Therapy for Trauma
When past experiences keep showing up in your present—and you're ready to do something about it.
Trauma Isn't Just About What Happened
Trauma is what stays in your body and mind after difficult experiences. It's not about whether something was "bad enough" to count—it's about how it affected you. Maybe it was a specific event, or maybe it was a pattern of experiences over time that left you feeling unsafe, unseen, or like you had to constantly protect yourself.
You might function well day-to-day, but the trauma shows up in your relationships, your stress response, your ability to trust, or the way you feel in your own body. And you're tired of it running the show in the background.

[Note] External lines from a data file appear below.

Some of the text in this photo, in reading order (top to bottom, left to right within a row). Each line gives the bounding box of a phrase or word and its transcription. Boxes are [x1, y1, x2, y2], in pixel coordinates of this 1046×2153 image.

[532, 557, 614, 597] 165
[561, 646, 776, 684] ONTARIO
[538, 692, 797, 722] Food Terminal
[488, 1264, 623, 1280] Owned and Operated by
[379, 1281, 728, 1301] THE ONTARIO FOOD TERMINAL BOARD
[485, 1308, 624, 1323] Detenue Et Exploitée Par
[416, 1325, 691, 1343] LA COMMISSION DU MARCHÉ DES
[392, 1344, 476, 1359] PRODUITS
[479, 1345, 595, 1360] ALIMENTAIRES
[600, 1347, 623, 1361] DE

This might sound familiar:
You're always scanning for threats, unable to relax even when things are fine.
You overreact to things that logically shouldn't bother you this much.
You have strong physical responses—tightness, numbness, or feeling disconnected from your body.

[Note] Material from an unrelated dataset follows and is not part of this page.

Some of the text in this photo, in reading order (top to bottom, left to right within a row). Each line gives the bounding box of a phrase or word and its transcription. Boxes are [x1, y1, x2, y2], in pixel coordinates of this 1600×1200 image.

Certain situations, people, or conflicts trigger you in ways that feel out of proportion.
You avoid situations that remind you of past experiences, even indirectly
Your relationships are affected—you push people away, struggle with trust, or have trouble setting boundaries.
You wonder if you're overreacting or if the past is really still affecting you this much.
What Therapy Actually Looks Like
I work with trauma using an integrative, trauma-informed approach that focuses on both processing what happened and changing how it affects you now. We're not here to force you to relive painful experiences—we work at your pace and prioritize keeping you grounded.
Understanding your nervous system response—why you react the way you do, what's happening in your body, and how trauma has shaped your threat detection system.
Building capacity to process difficult material—we don't dive into trauma content until you have tools to manage the intensity. Somatic work helps you reconnect with your body in a safer way.
Processing trauma when you're ready—not by forcing you to talk about it endlessly, but by helping your nervous system understand that the threat is over. We use approaches that work with your body as much as your mind.
Identifying patterns from the past showing up now—how trauma affects your relationships, boundaries, self-perception, and coping strategies. Sometimes we're reacting to old threats that aren't present anymore.
Rebuilding trust and safety—in yourself, in your body, and eventually in relationships. Trauma often damages your sense of safety, and we need to work on restoring that.
My Approach
I use an integrative, trauma-informed approach drawing from somatic therapy, ACT, DBT, Gestalt work, narrative therapy, and psychodynamic therapy. What this means: we work with your body's trauma response, not just talking about what happened. We look at how trauma has shaped your beliefs about yourself and relationships. And we go at a pace that doesn't retraumatize you.
Trauma work isn't linear. Some sessions focus on building coping skills. Others involve processing specific memories or experiences. Some are about understanding patterns. The work adapts to where you're at and what you're ready for.